No meio de uma febre de super-heróis no cinema actual, com filmes sobre Capitão América, Homem Aranha ou Homem de Ferro, Batman triunfa pela sua condição de “homem normal", embora profundamente perturbado.
Em 2016 vai chegar aos cinemas um novo filme, no qual Batman contracena pela primeira vez com o Super-Homem e Ben Affleck vai ter a difícil missão de interpretar o herói de Gotham City, uma escolha que desagradou a muitos seguidores.

Longa vida ao herói


A marca Batman arrecadou 3,89 mil milhões de dólares em todo o mundo, de acordo com números da indústria do entretenimento, e criou um universo de produtos venerados.
“A paixão dos admiradores é gigantesca, é um modo de vida.
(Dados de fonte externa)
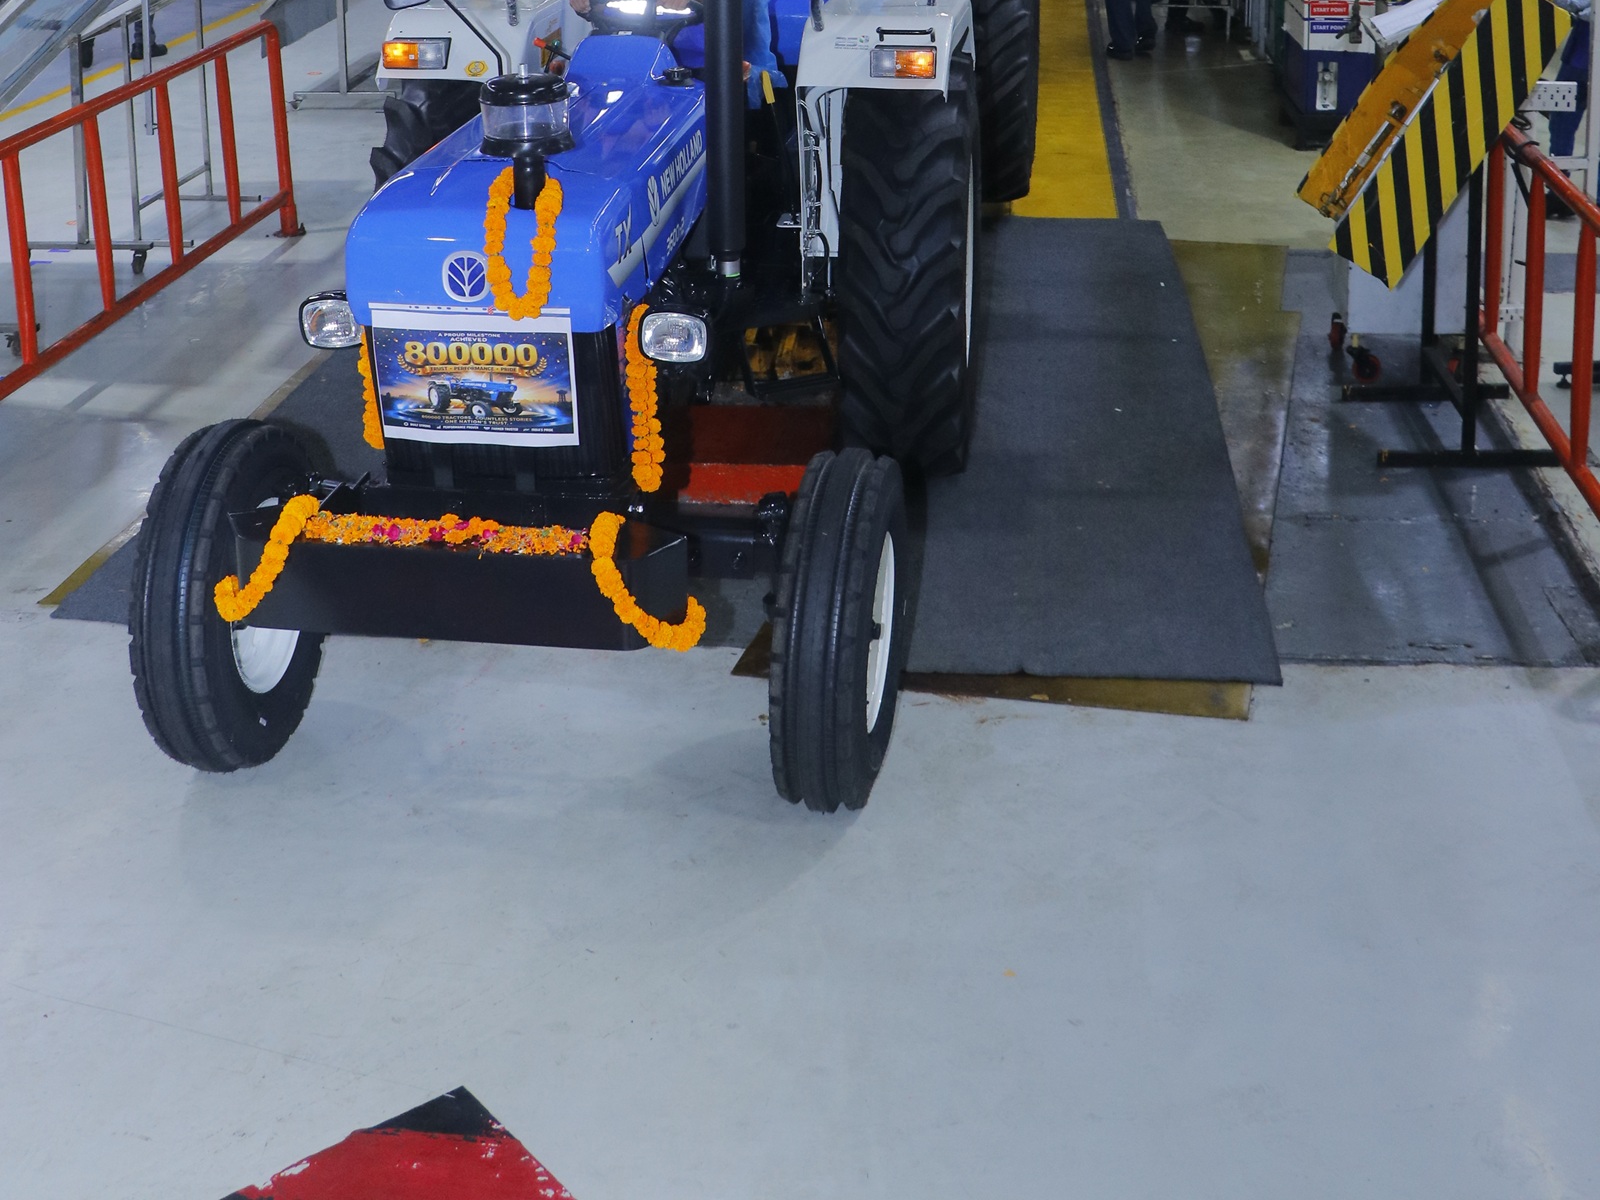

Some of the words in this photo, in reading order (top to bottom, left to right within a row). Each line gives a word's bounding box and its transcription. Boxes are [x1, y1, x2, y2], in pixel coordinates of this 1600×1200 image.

As pessoas fazem tatuagens do Batman no corpo todo", afirmou recentemente Jim Lee, desenhador e co-editor da DC Entertainment, que transpõe para o cinema as histórias do super-herói. Além das camisolas, gorros, posters e blogs, Batman encontrou nos videojogos outro grande aliado para oferecer emoções aos “batmaníacos" e manter a sua popularidade.
No evento especializado E3, realizado há poucas semanas em Los Angeles, a produtora Rocksteady fez a alegria dos fãs ao revelar que o próximo jogo, “Batman: Arkham Knight", vai ter um Batmóvel ultraleve, capaz de se transformar num tanque blindado.
“Este super-herói cativou, de facto, a imaginação de toda a gente", disse Lee, que já escreveu o argumento da personagem na banda desenhada.
As comemorações dos 75 anos do herói vão ter o ponto máximo no próximo dia 23, considerado o “Dia do Batman", com a publicação de uma edição do primeiro número em que apareceu.
Os seguidores que passem por Los Angeles vão poder ver todos os Batmóveis, capas, máscaras e demais artefactos usados nos filmes, numa exposição organizada pela Warner Bros.